Но с англичанкой скоро действительно все «образовалось», потому что в следующем письме Соня пишет, что они все ездилн кататься и «Ханна была до того счастлива, что прыгала в санях и говорила все «so nice» т. е. верно это значило, что хорошо. И тут же в санях объяснила мне, что очень любит меня и детей и что countryхороша и что она «very happy» Я ее понимаю довольно хорошо, но с большим напряжением и трудом. Она сидит, шьет панталончики детям, а детей укладывает старая няня. Когда они перейдут к ней, будет гораздо лучше, и то теперь у ней вполовину меньше дела. Зато мне польза; я скоро выучусь, я уверена; а это очень было бы приятно. Обедает она покуда тоже с нами и чай пьет. Я до тебя еще ничего не переменю, еще успеем. А она и желает и, кажется, понимает свои будущие обязанности. Но она не нянька, она держит себя совсем как равная, но не тяготится никакой работой и очень добродушная, кажется…» 13.
Иногда Соня ревновала своего мужа, но всегда неосновательно. В дневнике от
19 июля 1866 г. Соня пишет:
«У нас новый управляющий с женой. Она молода, хороша, нигилистка. У ней с Левой длинные, оживленные разговоры о литературе, об убеждениях, вообще длинные, неуместные, мучительные для меня и лестные для нее разговоры. Он проповедывал, что в семью, в intimite, не надо вводить постороннее, особенно красивое и молодое существо, а сам первый на это попадается. Я, конечно, не оказываю и вида, что мне это неприятно, но уже в жизни моей теперь нет минуты спокойной…»14.

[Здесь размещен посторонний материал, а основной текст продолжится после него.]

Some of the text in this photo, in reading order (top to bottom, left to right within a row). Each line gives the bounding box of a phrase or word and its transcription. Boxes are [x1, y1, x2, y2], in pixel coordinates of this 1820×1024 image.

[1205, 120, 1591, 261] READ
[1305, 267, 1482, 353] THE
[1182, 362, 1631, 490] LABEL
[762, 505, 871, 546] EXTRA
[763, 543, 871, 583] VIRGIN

Результат этих «лестных», как Софья Андреевна пишет, разговоров с женой управляющего, был совершенно неожиданный.
Как всегда, в Ясную Поляну временами стекалась молодежь: «зефироты» — Лизднька и Варенька Толстые, Таня Берс и вечная затейница, веселая, остроумная Мария Николаевна Толстая. Осенью 1866 года решили ставить спектакль и просили Толстого написать им пьесу.
Толстой написал пьесу «Нигилист». Тема — ничем не оправданная ревность мужа, глупо приревновавшего свою жену к студенту–нигилисту. Молодежь с восторгом принялась за постановку комедии. Соня играла мужа, Таня — жену, Лиза Толстая — старшая из зефироток — играла героя, студента–нигилиста, а Мария Николаевна Толстая играла странницу, причем Толстой ей только наметил выходы, а она, играя, импровизировала, да так талантливо, что Толстой, сидевший в публике, был в полном восторге и покатывался со смеха. К сожалению, полного текста этой комедии не сохранилось. Но после этого спектакля ревность Сони к красивой «нигилистке» угасла.

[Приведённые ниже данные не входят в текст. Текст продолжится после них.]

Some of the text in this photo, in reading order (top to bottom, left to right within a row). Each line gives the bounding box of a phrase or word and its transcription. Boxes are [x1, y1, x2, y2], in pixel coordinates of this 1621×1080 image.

В перерывах между заботами о детях, кормлением, прогулками, хлопотами по домашнему хозяйству, ночами, сидя за старинным с шкапчиками столиком красного дерева, Соня круглыми, четкими буквами переписывала роман, с волнением следя за его развитием. Она писала на одной стороне листа, оставляя широкие поля для поправок, которыми испещрял Толстой свои рукописи. И так она переписала всю «Войну и мир» приблизительно 7 раз. И лишь небольшую часть «Войны и мира» переписал специально нанятый для этого писарь.

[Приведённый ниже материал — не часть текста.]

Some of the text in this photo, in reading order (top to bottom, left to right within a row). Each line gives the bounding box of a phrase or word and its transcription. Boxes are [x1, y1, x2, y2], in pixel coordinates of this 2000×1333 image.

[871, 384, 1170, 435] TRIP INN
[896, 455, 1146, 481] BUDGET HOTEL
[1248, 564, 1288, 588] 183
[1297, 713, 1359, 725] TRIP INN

Когда Толстой уезжал в Москву, между ним и женой всегда велась оживленная переписка. Соня писала о детях, о хозяйстве, Толстой писал ей о событиях, связанных с его работой.
«Завтра пойду к Башилову, — писал он ей от II ноября 1866 года, — в типографию и в Румянцевский Музей читать о масонах».
Башилов был художник — родственник Берсов, и Толстой вел с ним переговоры относительно иллюстраций к «Войне и миру», которую он решил сам издать.
Через четыре дня он пишет жене: «После кофе пошел в Румянцевский музей и сидел там до трех, читал масонские рукописи, очень интересные. И не могу тебе описать, почему чтение нагнало на меня тоску, от которой не мог избавиться весь день. Грустно то. что все эти масоны были дураки».
А из Ясной Поляны писал А. Е. Берсу 2 ноября 1865 года: «Дописываю теперь, т. е. переделываю и опять и опять переделываю свою 3‑ю часть. Эта последняя работа отделки очень трудна и требует большого напряжения; но я по прежнему опыту знаю, что в этой работе есть своего рода вершина, которой, достигнув с трудом, уже нельзя остановиться и, не останавливаясь, катишься до конца дела. Я теперь достиг этой вершины и знаю, что теперь, хорошо ли, дурно ли, но скоро кончу эту третью часть. Не кончив же эту часть, мы не тронемся в Москву. Так уж это мы tacitu consensu признали. В Москве займусь печатанием отдельной книжки вероятно. Впрочем, меня не занимает никогда, как я напечатаю, только бы было написано, т. е. кончено для меня, чтобы меня не тянула больше эта работа, и я мог бы заняться другой».
Писал Толстой большей частью в Ясной Поляне, приезжая только на зимние месяцы в Москву.
«У меня в голове страшный дурман, — писал Толстой Бартеневу, взявшемуся держать корректуры романа, 26 ноября 1867 года, — я четвертый день не разгибаясь работаю, и теперь второй час ночи».
А Софья Андреевна в своем дневнике от 12 января 1867 года пишет: «Лёвочка всю зиму раздраженно, со слезами и волнением пишет»|5.
За это время в семье Толстых произошел ряд событий.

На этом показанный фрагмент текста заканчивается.